Остров гуннов
Шрифт:
«Забороносцы» были испуганы. Атаман «новых гуннов», тот самый толстяк с мощным затылком и плотными цепкими руками, в черной форме с погонами и медальками на груди, визжал, как боров, у которого отнимают жизнь.
– Нова компания гуннов, или смерть! Рушатся освященни традиции!
Вездесущий Савел, как всегда в гуще актуальных событий, скривил коварную улыбку.
– На то они и священные традиции, чтобы их рушить. Погоди, я, конечно, тоже не хочу попрания святынь, но чего ты так боишься смерти? Как ни крути, все там будем.
– Ти… ти чего? Сам за
– И пласты традиции рушатся. Раньше, вон, поклонялись пню, а теперь где они? Вырубили. Вот как дербалызнет наш вулкан Колоссео, и кто вспомнит традиции. В толще пепла будем существовать вечно. Если не откопают люди из мира пришельца, в виде залитых в полости гипсом корчащихся фигур, и выставят на обозрение.
Атаман звякнул саблей на боку.
– Това е дружок твой, или нещо такова
– И он исчезнет с нами.
– Не исчезнет, ништо его взема. Мы тут организовали охрану улиц, множество поддержало. Оскверневание святынь не допустим.
Кто-то вякнул:
– Спасаться надо, а не поддерживать святыни.
Но хор возмущенных голосов заглушил его.
Резкий голос Савела, сделавшего зверское лицо, перекрыл всех.
– Кто может построить новый Ноев ковчег? Вы думаете, только власть, всеми ее ресурсами? Могут и «подзаборные». Не только шуметь призывать к бунту. У них нет ни программы, ни плана, ни ресурсов, да и чертежей не могут начертить. Но вместе с народом…
Толпа безмолвствовала. Кто-то сказал:
– Они возьмут только собственных. А мы с вами останемся едни с катаклизмусом. Думаешь, тебя возьмут?
– Что делать, – фаталистически ответил Савел. – Умрем, если будем только орать.
На острове прошел слух, что власть строит Ноев ковчег – для «золотой тысячи».
Вдруг все очнулись: нас оставляют одних!
Улицы заполнили борцы за права жить в своих в домах, сносимых из-за пролагаемой по ним государственной трассы, за свои лужайки и вырубаемые рощи, на которых олигархи строят доходные дома, а сейчас прямо покушаются на жизнь, заполнили улицы вдоль заборов, и наконец вышли к мощным каменным оградам белого здания правительства.

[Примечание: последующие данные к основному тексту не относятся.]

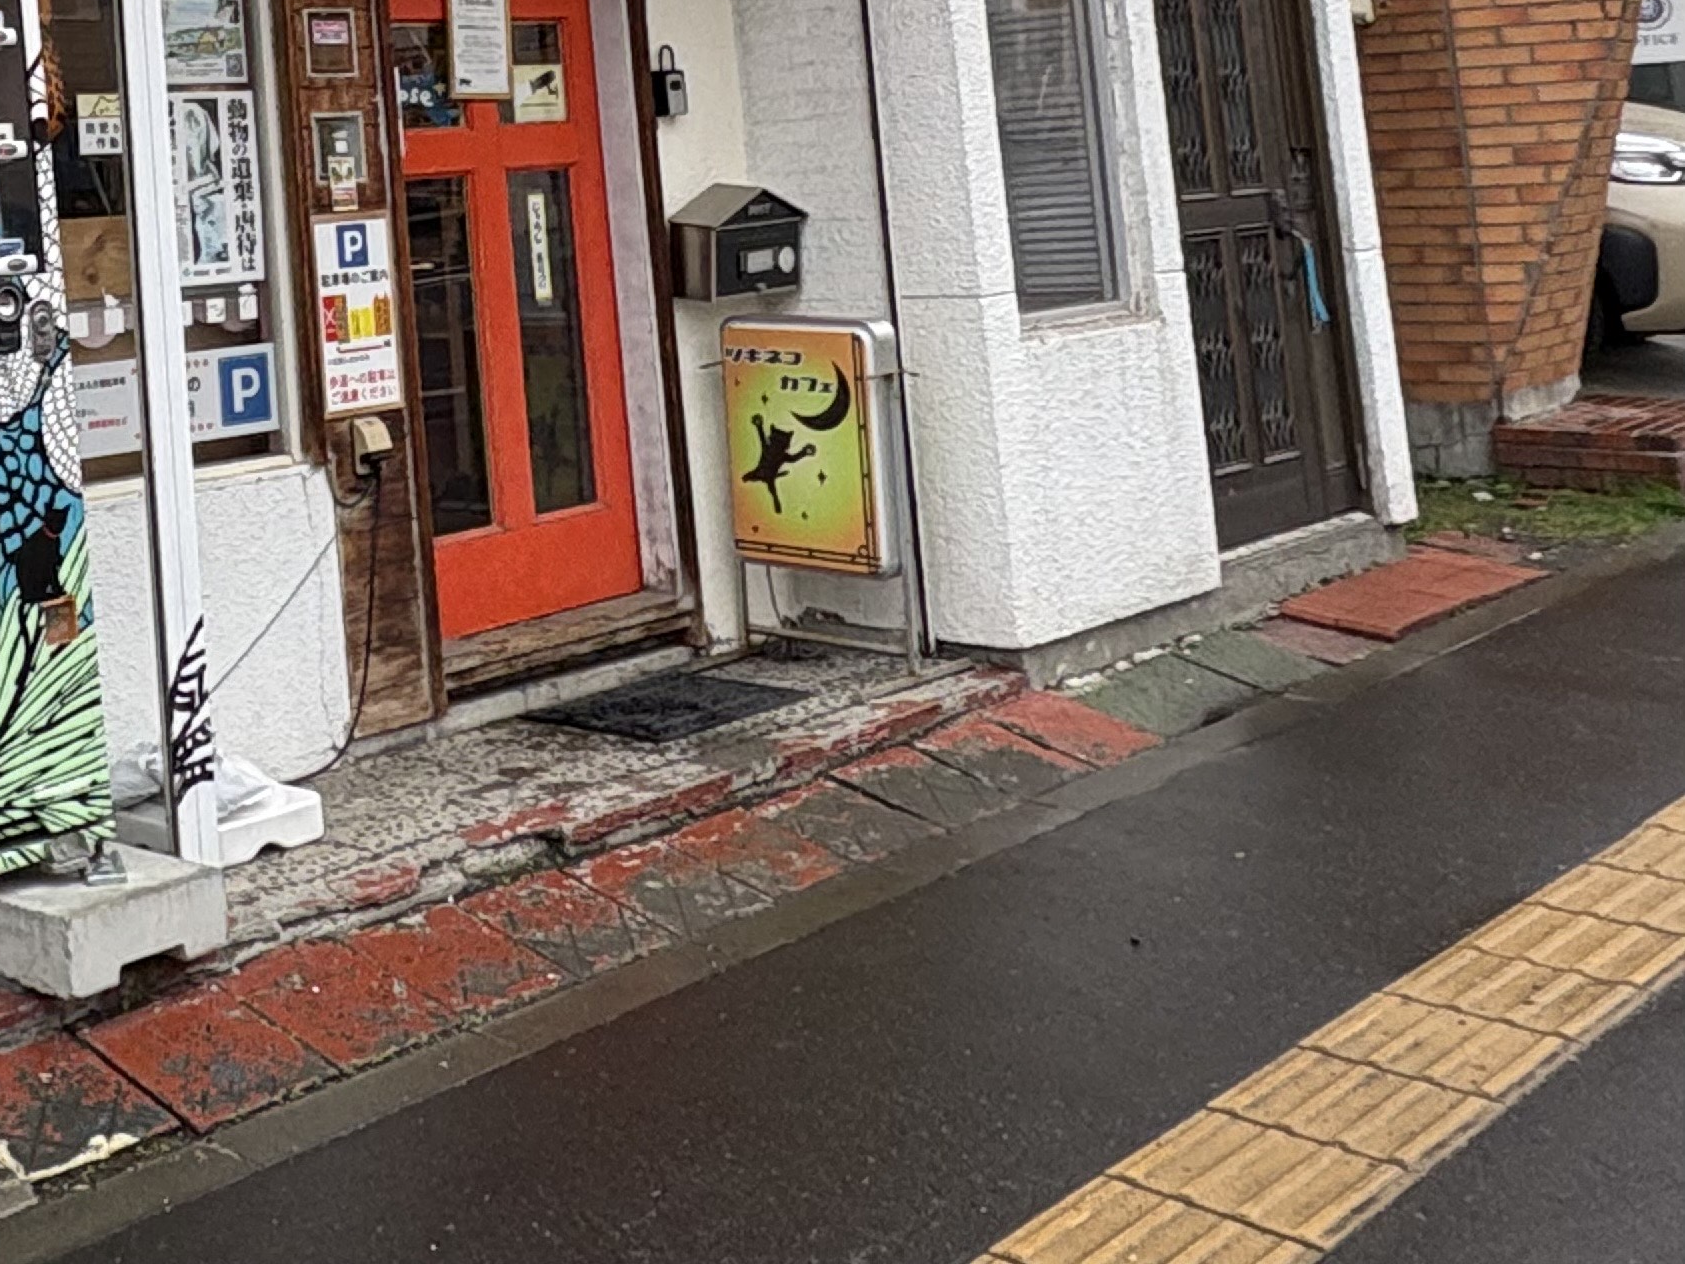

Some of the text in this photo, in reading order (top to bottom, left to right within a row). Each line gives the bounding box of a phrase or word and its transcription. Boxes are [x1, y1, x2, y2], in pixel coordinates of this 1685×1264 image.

[343, 229, 363, 262] P
[725, 347, 802, 366] ツキネコ
[231, 366, 262, 414] P
[779, 375, 835, 394] カフェ
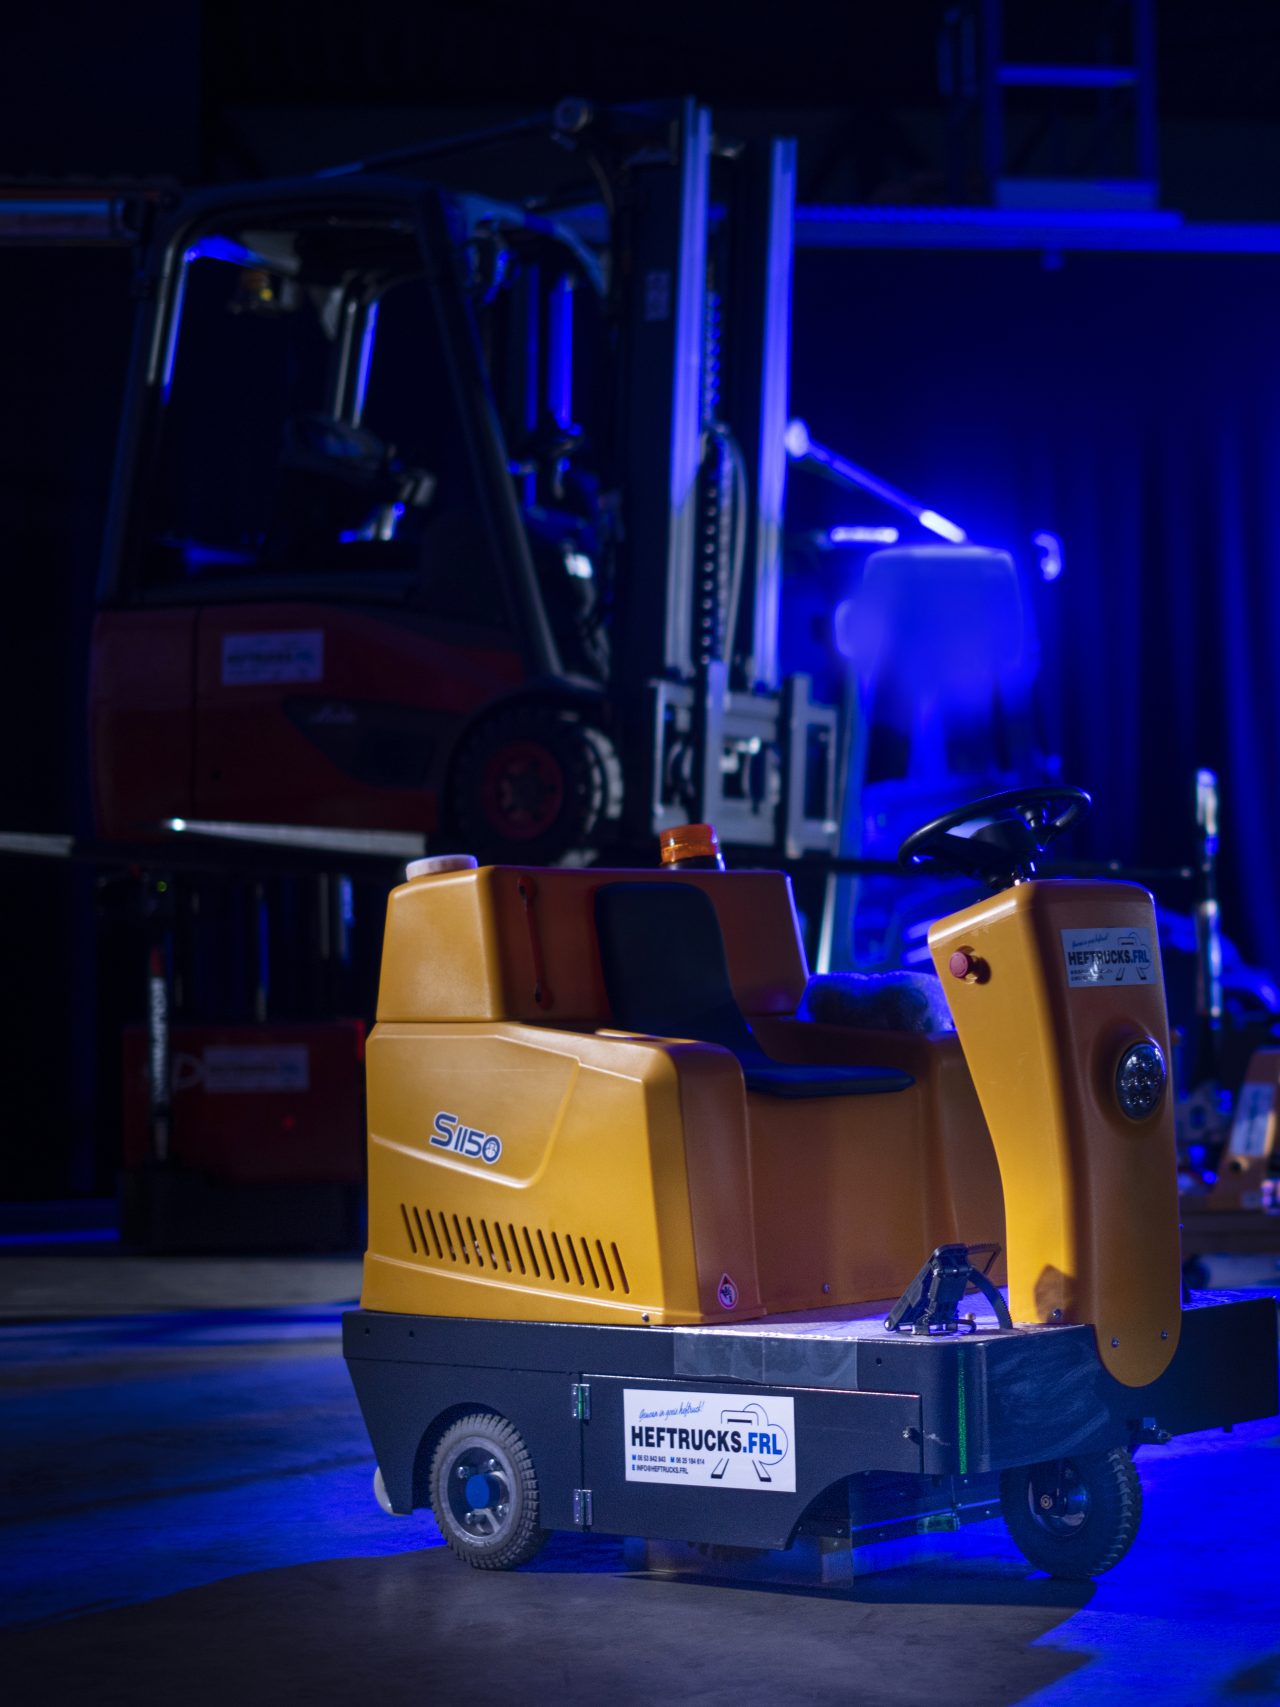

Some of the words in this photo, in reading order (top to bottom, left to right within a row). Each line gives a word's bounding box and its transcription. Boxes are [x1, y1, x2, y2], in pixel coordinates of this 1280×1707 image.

[1068, 949, 1150, 966] HEFTRUCKS.FRL
[429, 1111, 502, 1165] S1150
[631, 1425, 783, 1455] HEFTRUCKS.FRL

Положение страны стало угрожающим.
Впервые был собран Большой Круг власти. Пригласили стихийную силу, отстаивающую свои местечковые интересы, и требующих обновления.

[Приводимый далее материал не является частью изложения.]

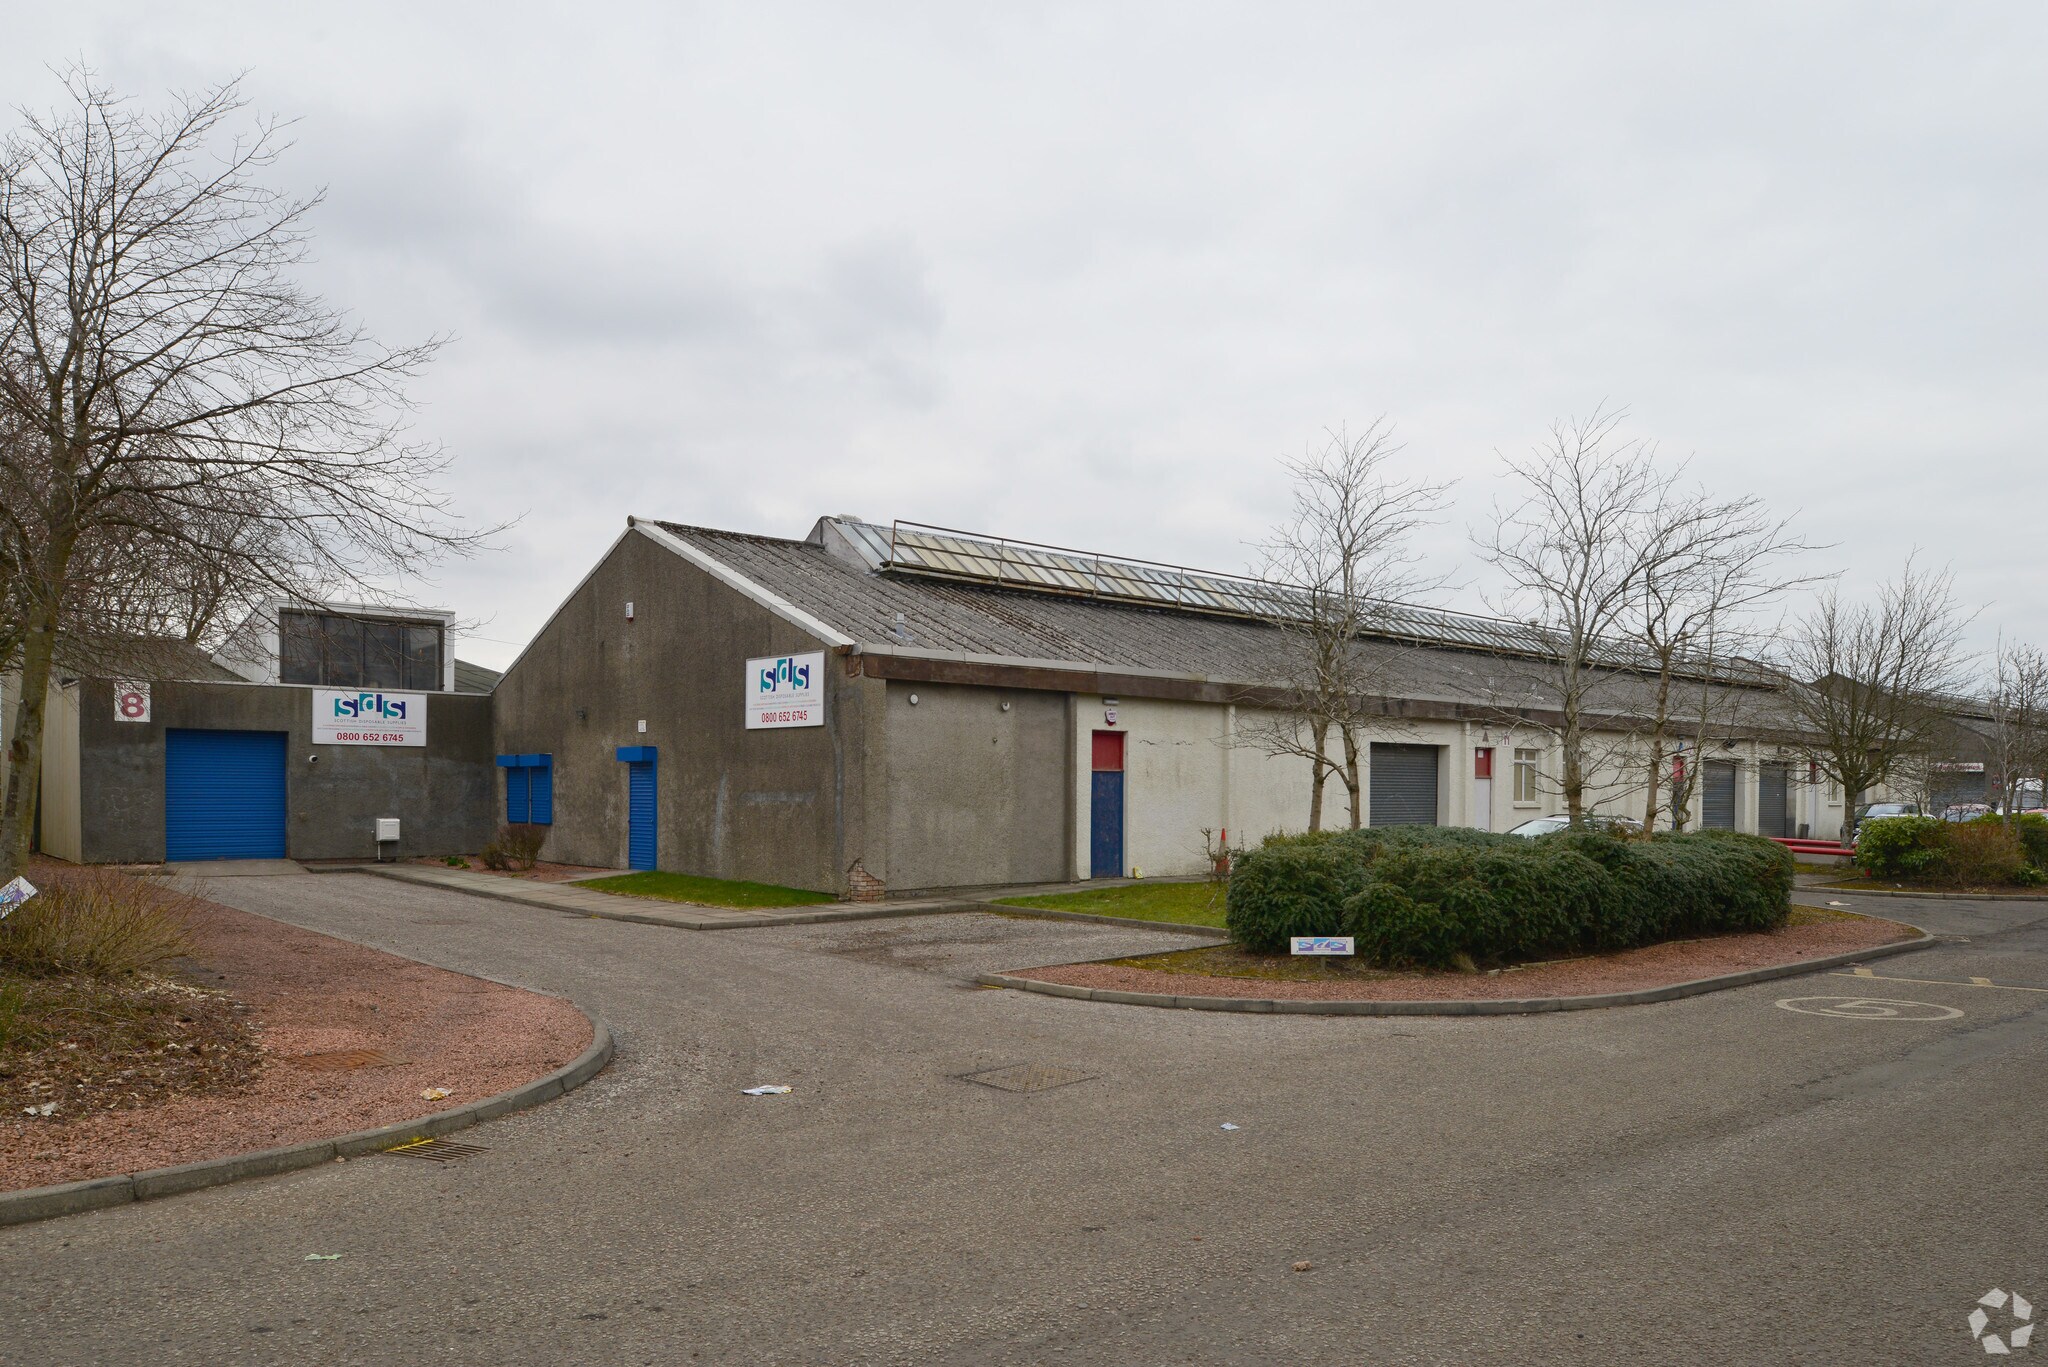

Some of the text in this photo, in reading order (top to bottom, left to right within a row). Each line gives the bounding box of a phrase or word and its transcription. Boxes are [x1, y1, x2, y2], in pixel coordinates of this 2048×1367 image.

[760, 658, 810, 692] sds
[121, 692, 145, 718] 8
[334, 693, 406, 719] sds
[761, 710, 808, 723] 0800 652 6745
[336, 732, 404, 742] 0800 652 6745

Огромная вечевая площадь была набита битком. На зиккурате сидела верховная власть в черных мантиях, ниже на ступеньках «нобили».
Общее настроение выражалось в тревожной, но непробиваемой ребяческой уверенности, что мы будем жить вечно, несмотря на умозрительное предчувствие близкой смерти.
Наверно, один шаньюй, сидящий во главе стола, равнодушно принимал все происходящее. Он вспоминал умершего отца, ремнем вбивавшего гуннские устои, безответную мать, любившую его поверхностно, внешней заботой, без боли в глубине души, отряд «юных гуннов» в зеленой полевой форме, и все лозунги патриотической общности, которые он выполнял с наслаждением, не вдаваясь в смысл.
В сущности
– На повестке один вопрос – как нам сохранить стабильность? – деловито зачитал бумажку лысый секретарь.
Старейшины в черных мантиях, увешанных медальками, приготовили свои бумаги для письма.
Старейшина Органа Заборов остро глянул из-под своих бумаг, показав крючковатый нос.
– Время затягнуть пояса. В условиях безпрецедентного криза на всех не будет достаточно.
Из рядов «обновленцев» крикнули:
– Мы со времен дикарей застегиваем пояса!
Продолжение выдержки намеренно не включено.